How to complete this task:
Reproduce every line of the material below exactly. No pictures belong in the copy.

Source data:
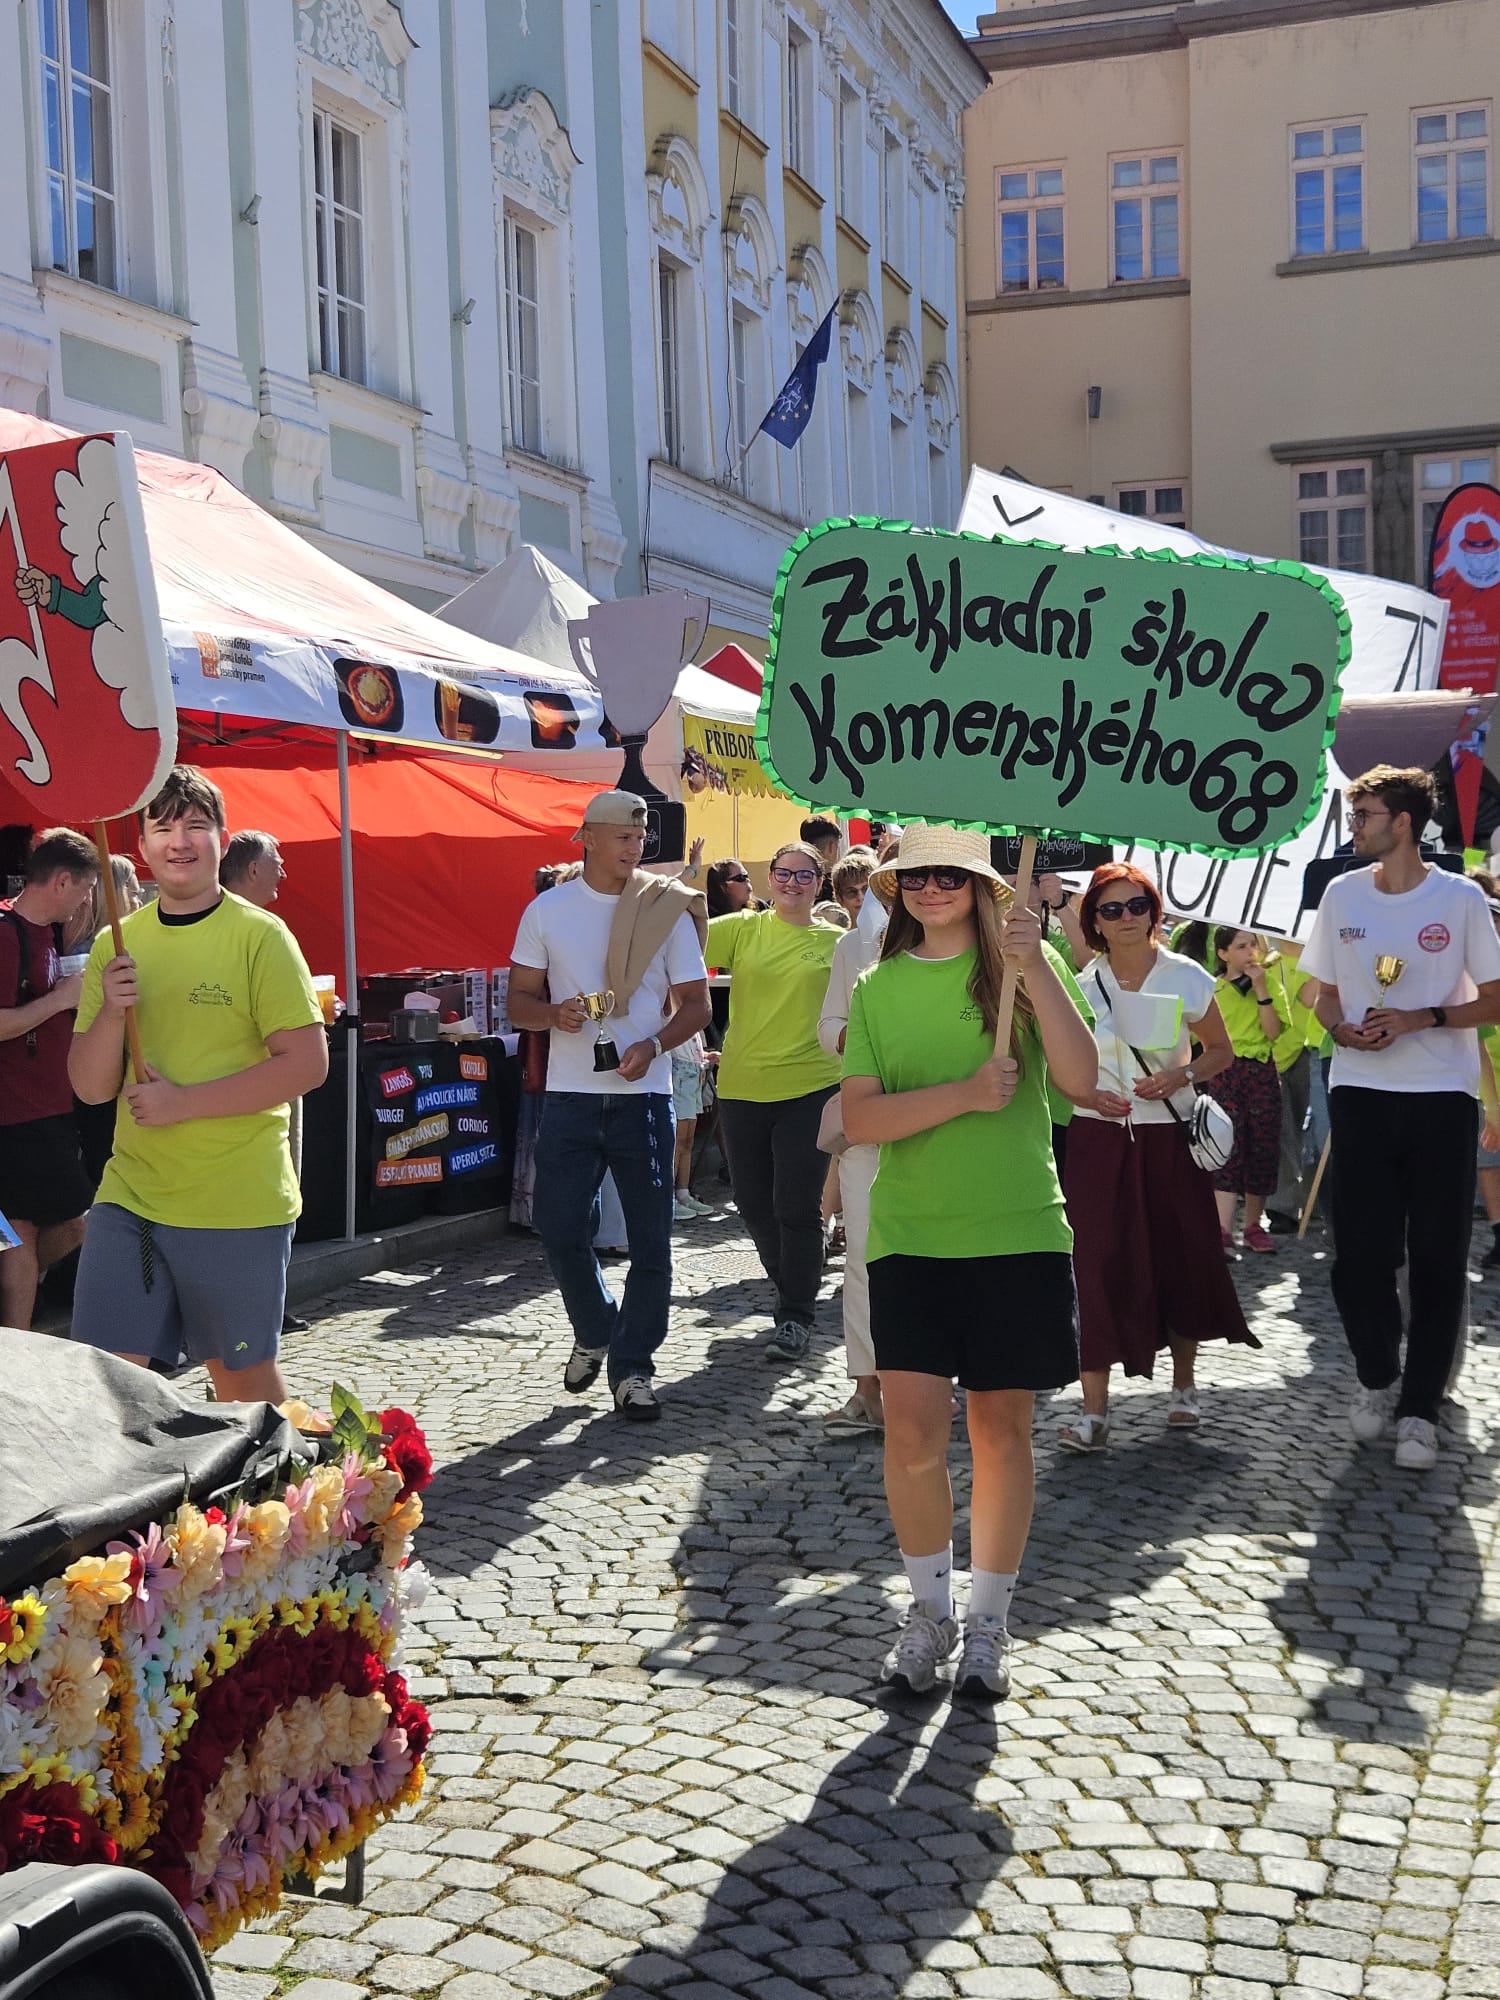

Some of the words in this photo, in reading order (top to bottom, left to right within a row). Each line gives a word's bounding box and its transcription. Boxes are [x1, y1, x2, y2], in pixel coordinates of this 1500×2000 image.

[801, 553, 1107, 674] Základní
[1121, 588, 1324, 732] škola
[790, 673, 1196, 808] Komenského
[1190, 738, 1299, 845] 68

Output of the task:
Some of the words in this photo, in reading order (top to bottom, left to right within a row). Each line gives a word's bounding box and its transcription. Boxes are [x1, y1, x2, y2], in pixel coordinates of this 1500×2000 image.

[801, 553, 1107, 674] Základní
[1121, 588, 1324, 732] škola
[790, 673, 1196, 808] Komenského
[1190, 738, 1299, 845] 68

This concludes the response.